BEGIN THE DATA

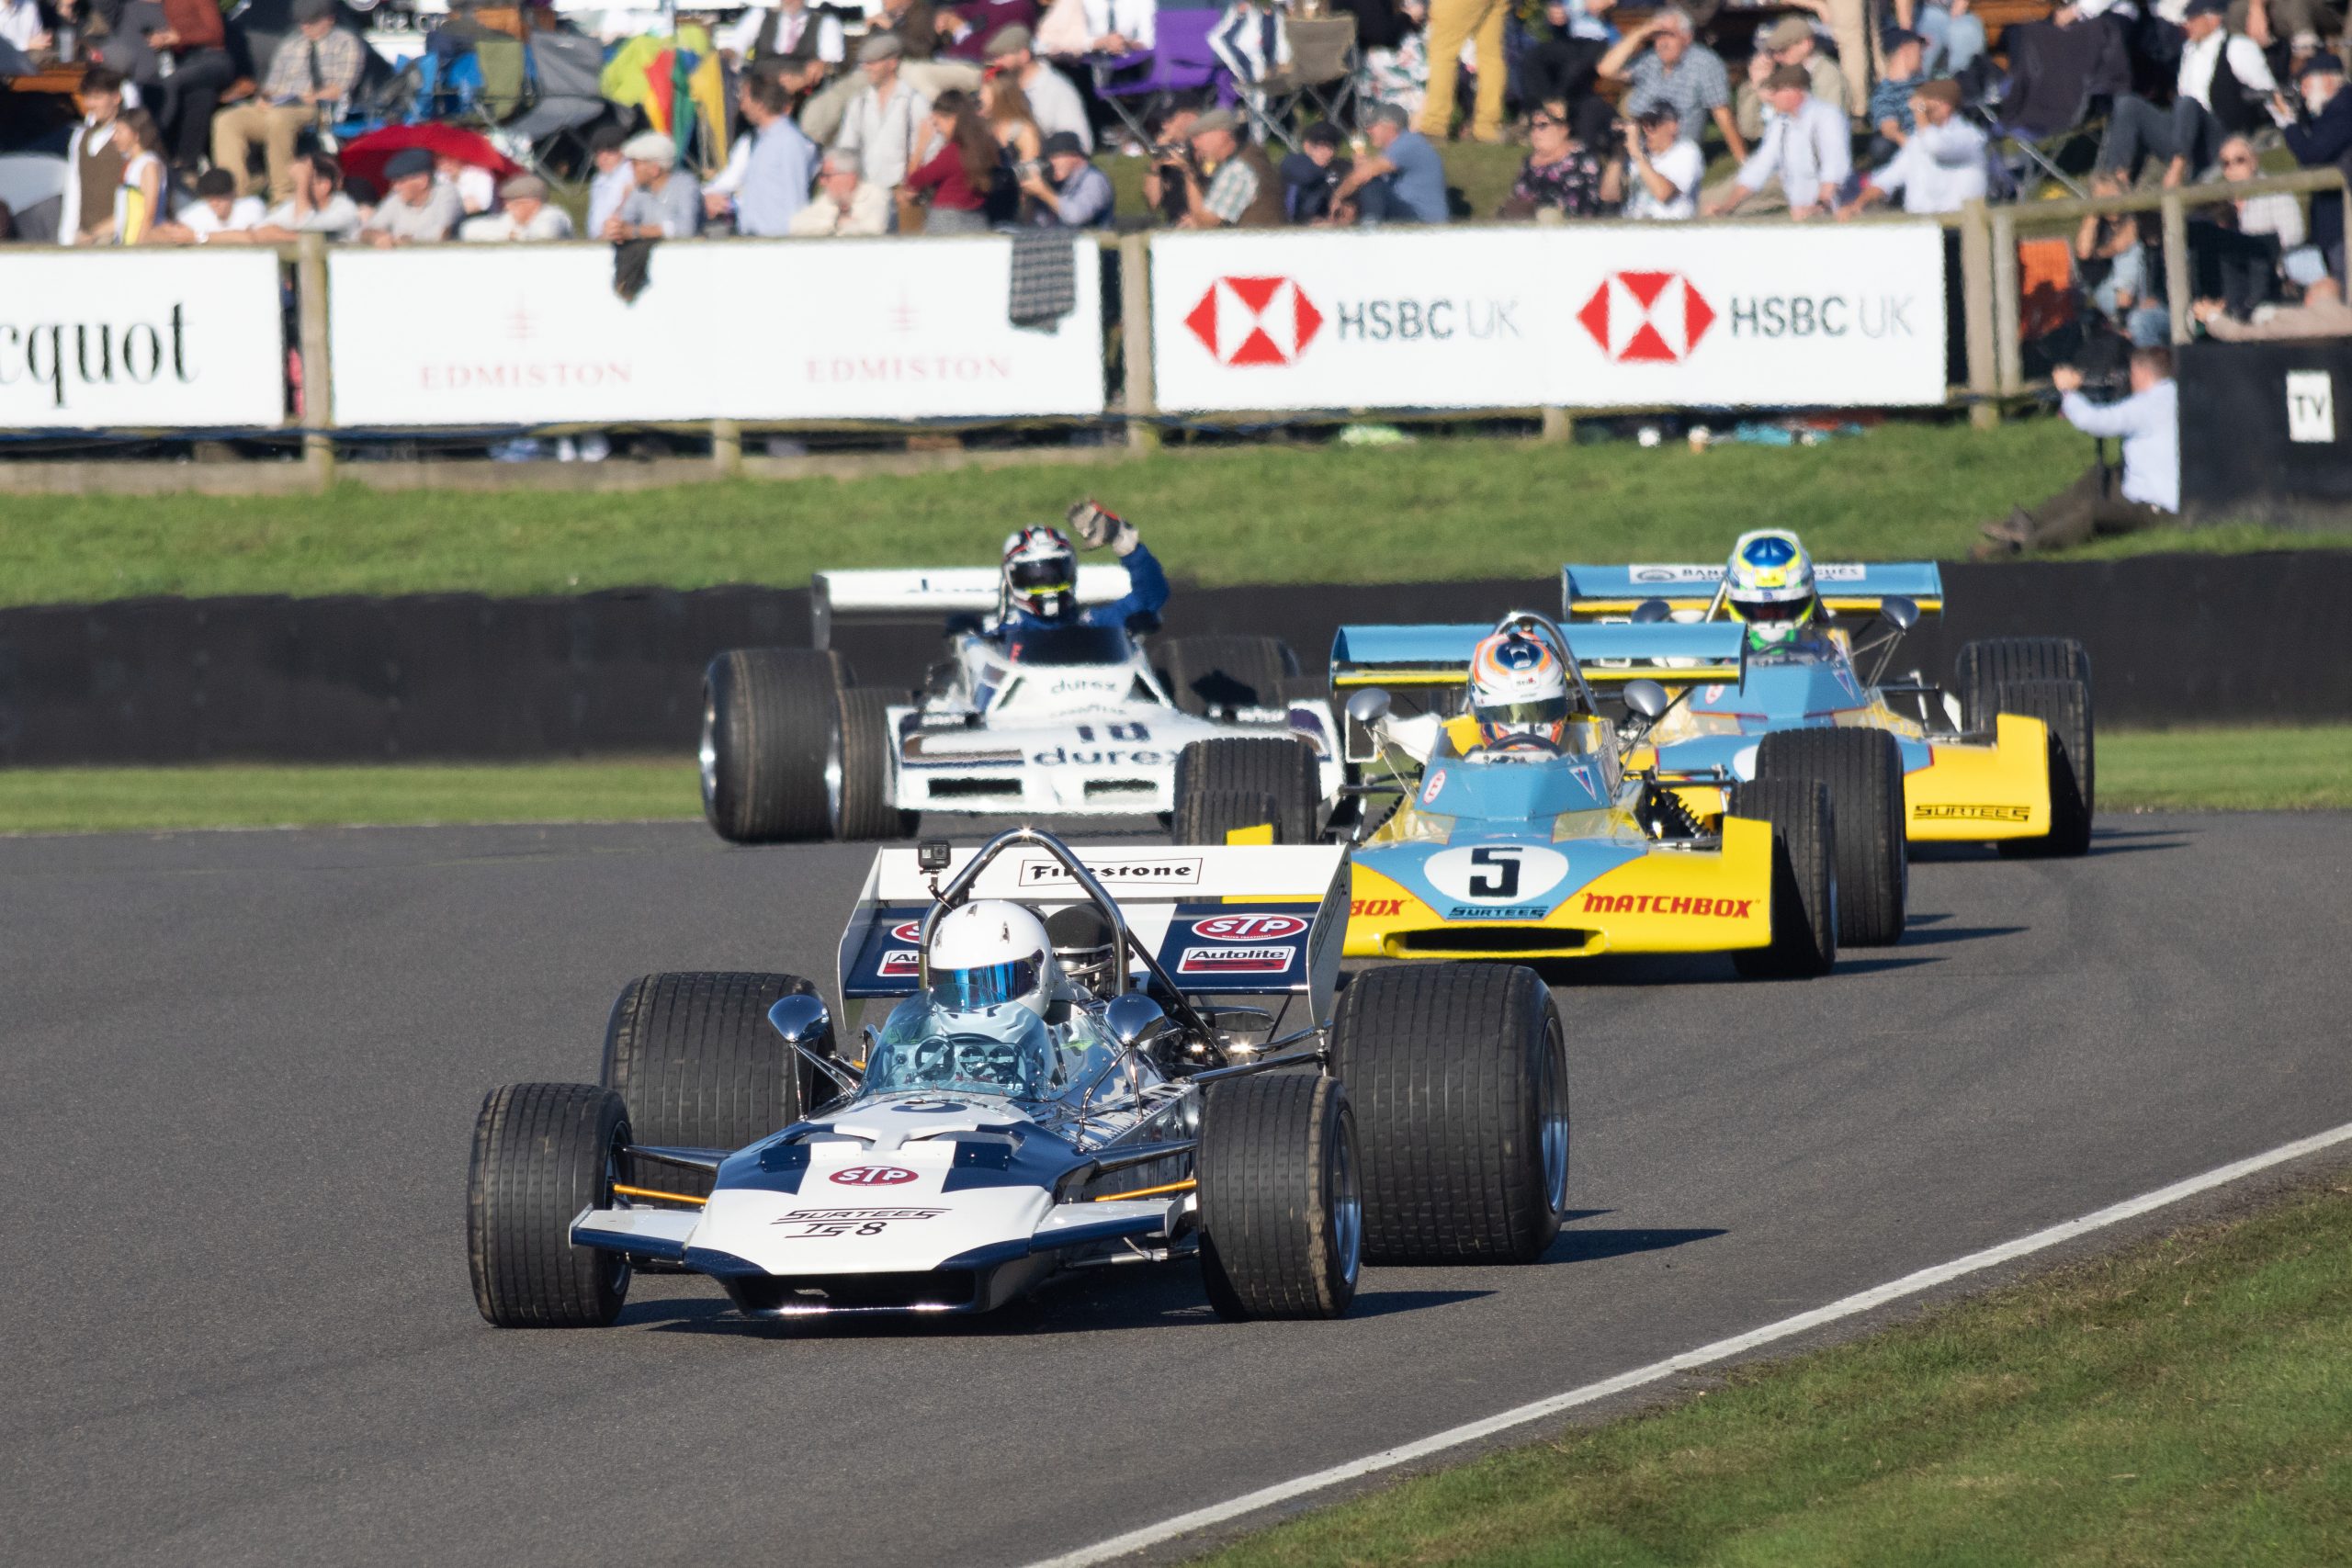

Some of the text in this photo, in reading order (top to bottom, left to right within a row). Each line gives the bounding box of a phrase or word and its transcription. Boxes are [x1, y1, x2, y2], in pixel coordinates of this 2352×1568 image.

[1337, 298, 1522, 341] HSBC UK
[1731, 295, 1914, 339] HSBC UK
[420, 361, 633, 390] EDMISTON
[807, 355, 1010, 384] EDMISTON
[2293, 394, 2326, 423] TV
[1051, 679, 1118, 694] durex
[1913, 805, 2030, 822] SURTEES
[1469, 847, 1523, 897] 5
[1447, 905, 1549, 920] SURTEES
[1206, 916, 1292, 935] STP
[1190, 950, 1284, 959] Autolite
[838, 1167, 908, 1183] STP
[773, 1207, 952, 1224] SURTEES

END THE DATA

• TASK STATEMENT
Write the data out again word for word; leave the pictures behind.

• REPLY
Some of the text in this photo, in reading order (top to bottom, left to right within a row). Each line gives the bounding box of a phrase or word and its transcription. Boxes are [x1, y1, x2, y2], in pixel coordinates of this 2352×1568 image.

[1337, 298, 1522, 341] HSBC UK
[1731, 295, 1914, 339] HSBC UK
[420, 361, 633, 390] EDMISTON
[807, 355, 1010, 384] EDMISTON
[2293, 394, 2326, 423] TV
[1051, 679, 1118, 694] durex
[1913, 805, 2030, 822] SURTEES
[1469, 847, 1523, 897] 5
[1447, 905, 1549, 920] SURTEES
[1206, 916, 1292, 935] STP
[1190, 950, 1284, 959] Autolite
[838, 1167, 908, 1183] STP
[773, 1207, 952, 1224] SURTEES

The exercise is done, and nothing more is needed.